Если поцеловать в губы Замшалова, то обязательно уколешься об острые черные иголки. Усы же Чечулина мягко обнимают любые щеки, и влажные губы любвеобильно поддаются крепкому нажиму дружеского поцелуя. Замшалов по профессии комиссионер по бриллиантам и ниже алмаза не спускается, высоко ценя свое человеческое достоинство. Чечулин же с удовольствием спекульнет и на серебряных ложках. А если подвернется под руку галстух или брюки какие-нибудь, то Чечулин продаст и брюки. Замшалов очень серьезно относится как к революции, так и к своей профессии. Чечулин же к революции и своей профессии относится с некоторым легкомыслием. Замшалов официально числится заведующим подотдела важного советского учреждения, Чечулин — член Сорабиса[46], музыкант, и, когда его спрашивают, на каком инструменте он играет, отвечает: «На белендрясах[47]». «Белендрясы, — говорит он, — самый важный инструмент в оркестре мировой гармонии!» Наконец, чтобы не надоесть читателю, — Чечулин, если случится гроза, всегда скажет: «Люблю грозу в начале мая», хотя бы был уже июль. Замшалов же в таких случаях молча затворяет окна и двери, потому что боится умереть из-за пустяка.
Совсем разные люди Чечулин, Замшалов и Руманов, и только в одном все трое сходятся: рады они всякому случаю повластвовать над толпой, которую Замшалов называет безумной и дикой, Чечулин — легкомысленной и жалкой, а Руманов никак не называет из уверенности, что толпа создана для того, чтобы он жил хорошо и сыто.
VI
Три приятеля ехали в салон-вагоне и, останавливаясь на станциях, смотрели на дикую и безумную, легкомысленную и жалкую, созданную им на потребу толпу. Мешки, сапоги, головы, руки — все было перемешано так искусно, что нельзя было отличить — этой ли руке принадлежит чемодан или нет. И поэтому в толпе происходили частые недоразумения. Случалось, что чья-нибудь рука хватала чемодан, принадлежащий другой руке. Тогда толпа кричала, подходил милиционер и бил кого-нибудь третьего, совсем незаинтересованного человека.
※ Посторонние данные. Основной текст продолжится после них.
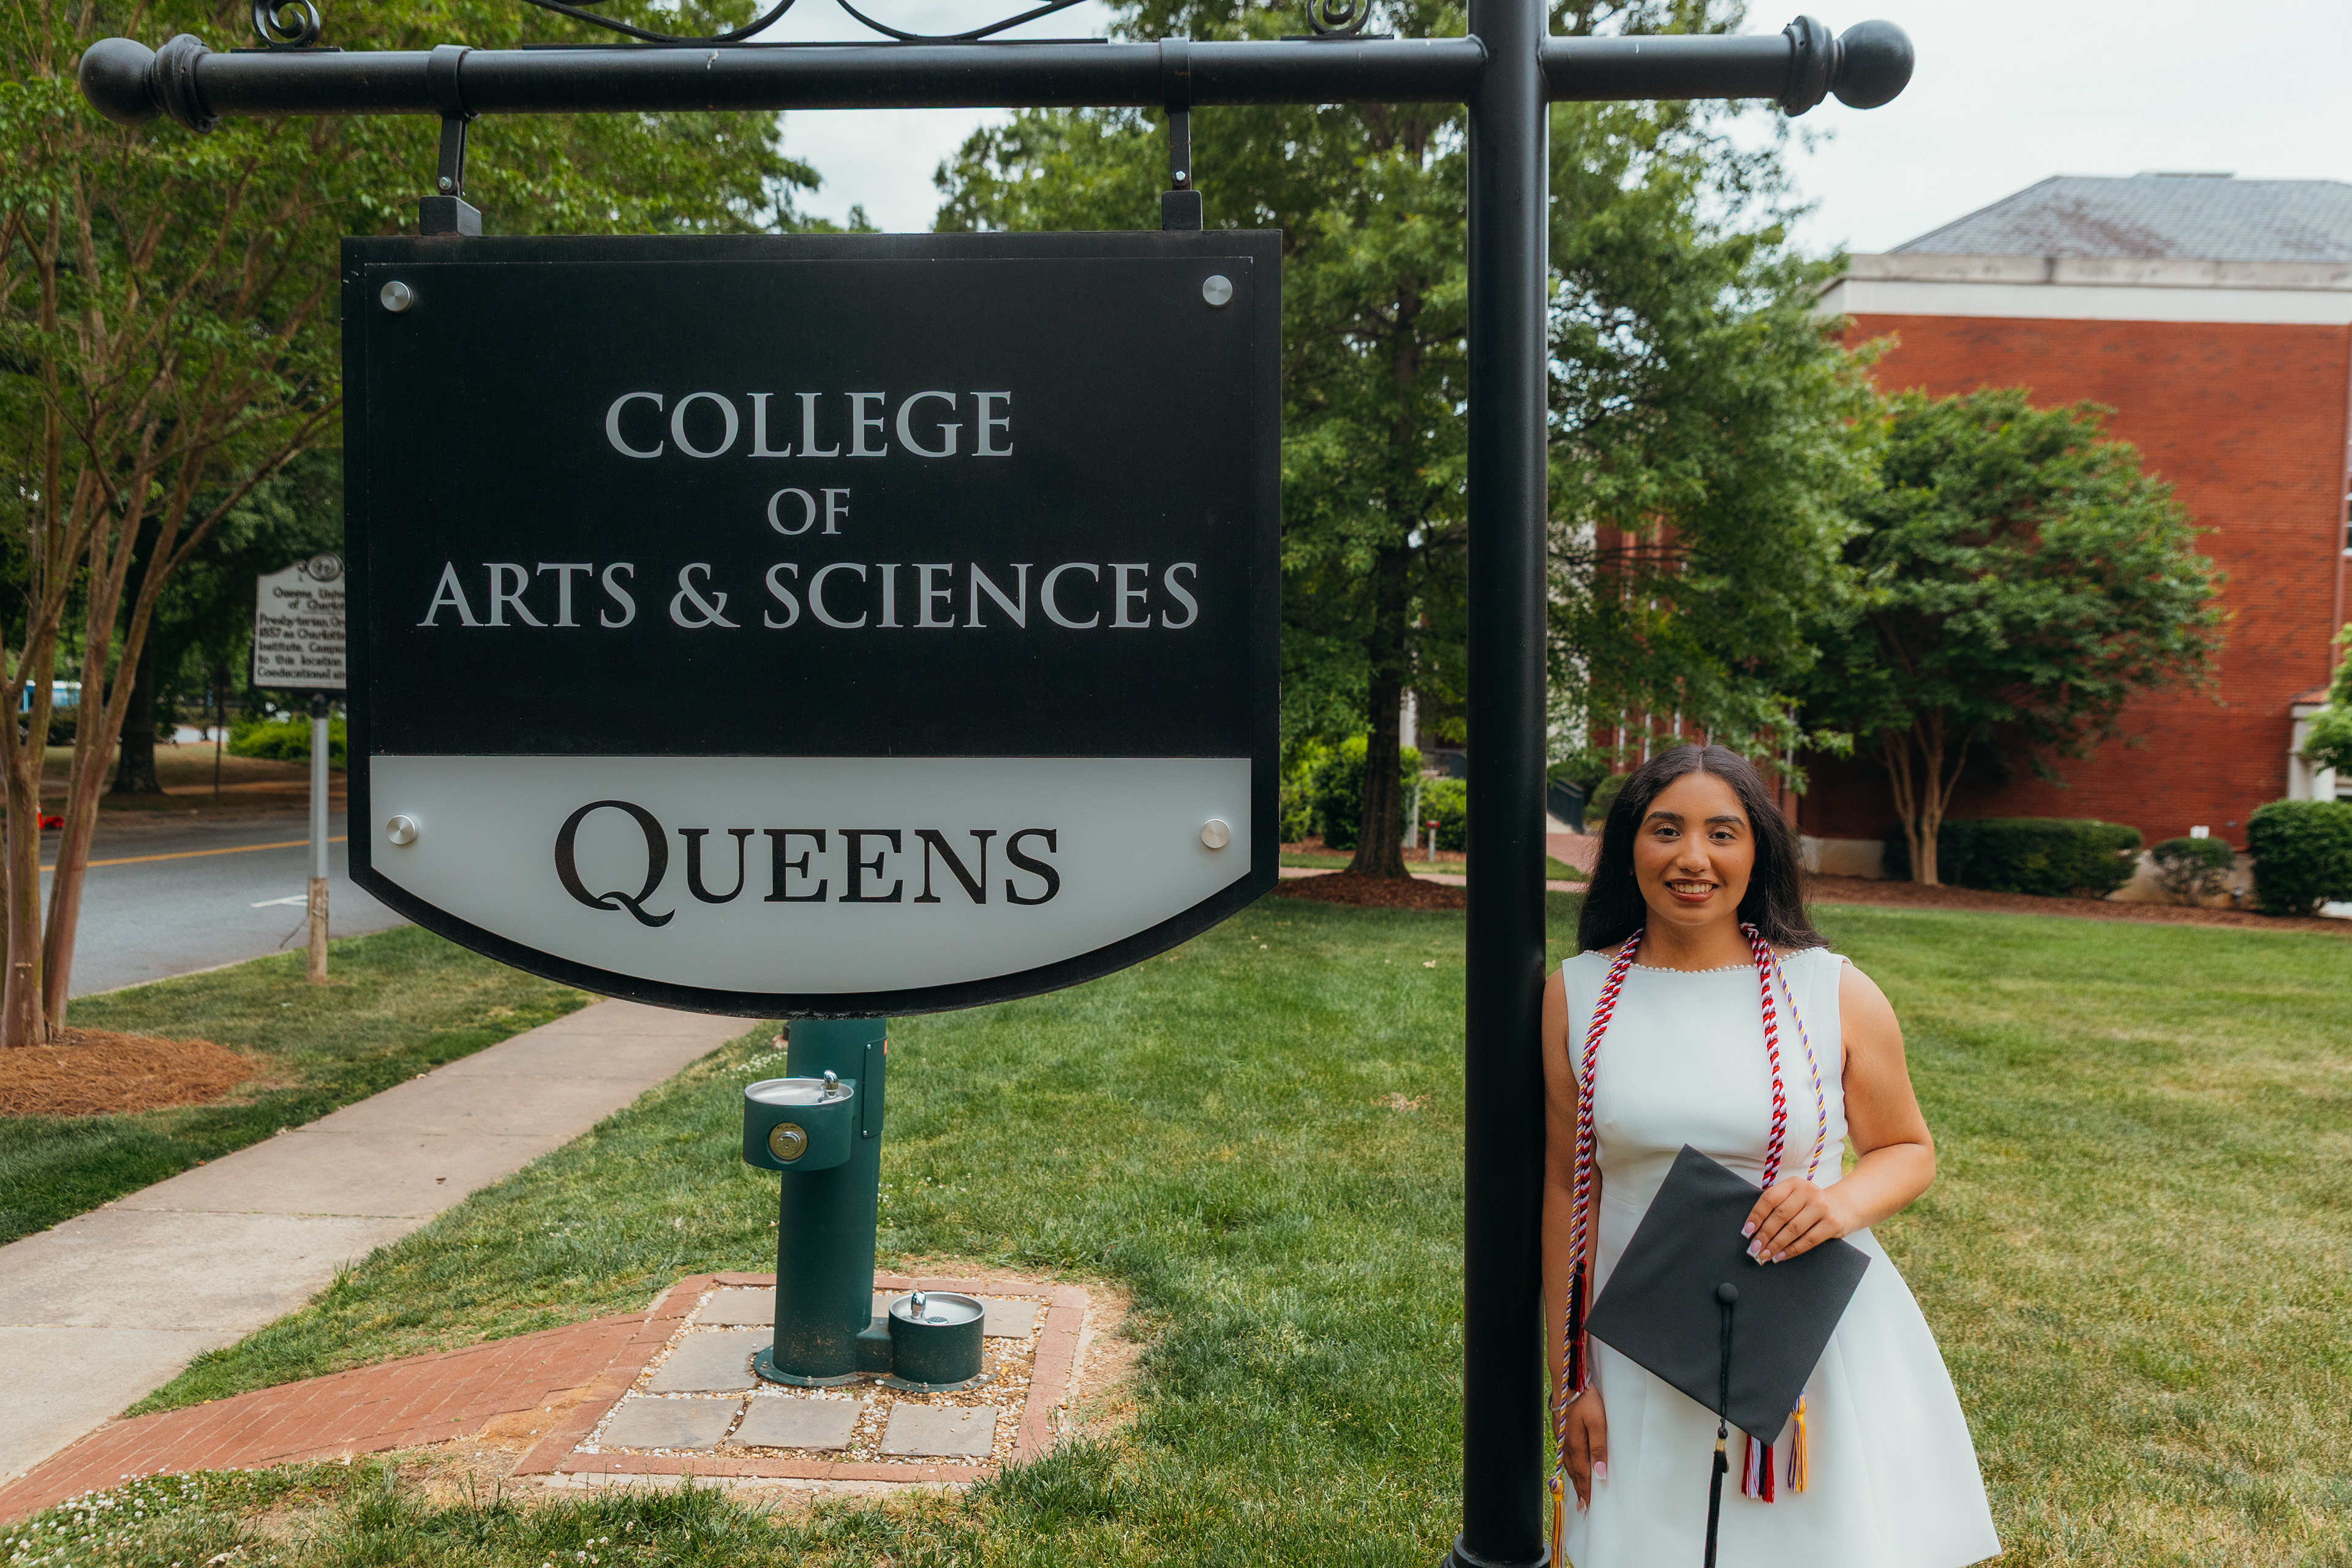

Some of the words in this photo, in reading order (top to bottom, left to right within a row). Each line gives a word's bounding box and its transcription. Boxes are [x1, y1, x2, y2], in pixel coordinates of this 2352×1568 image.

Чечулин рассказывал, как его хотели убить в марте, когда он был еще земгусаром, за офицерские погоны.
— Убежал в вещевой склад, за мешки, а за мной прапор молоденький. Прапор не успел. Как поросенок визжал, когда его кололи. Ей-богу, как поросенок. Даже смешно. А меня не нашли.
Погладил усы и вздохнул.
— А за что меня убивать? У меня ведь дочь есть — Мушкой звать. Где она теперь — в Парижах ли, в Америке ли какой-нибудь!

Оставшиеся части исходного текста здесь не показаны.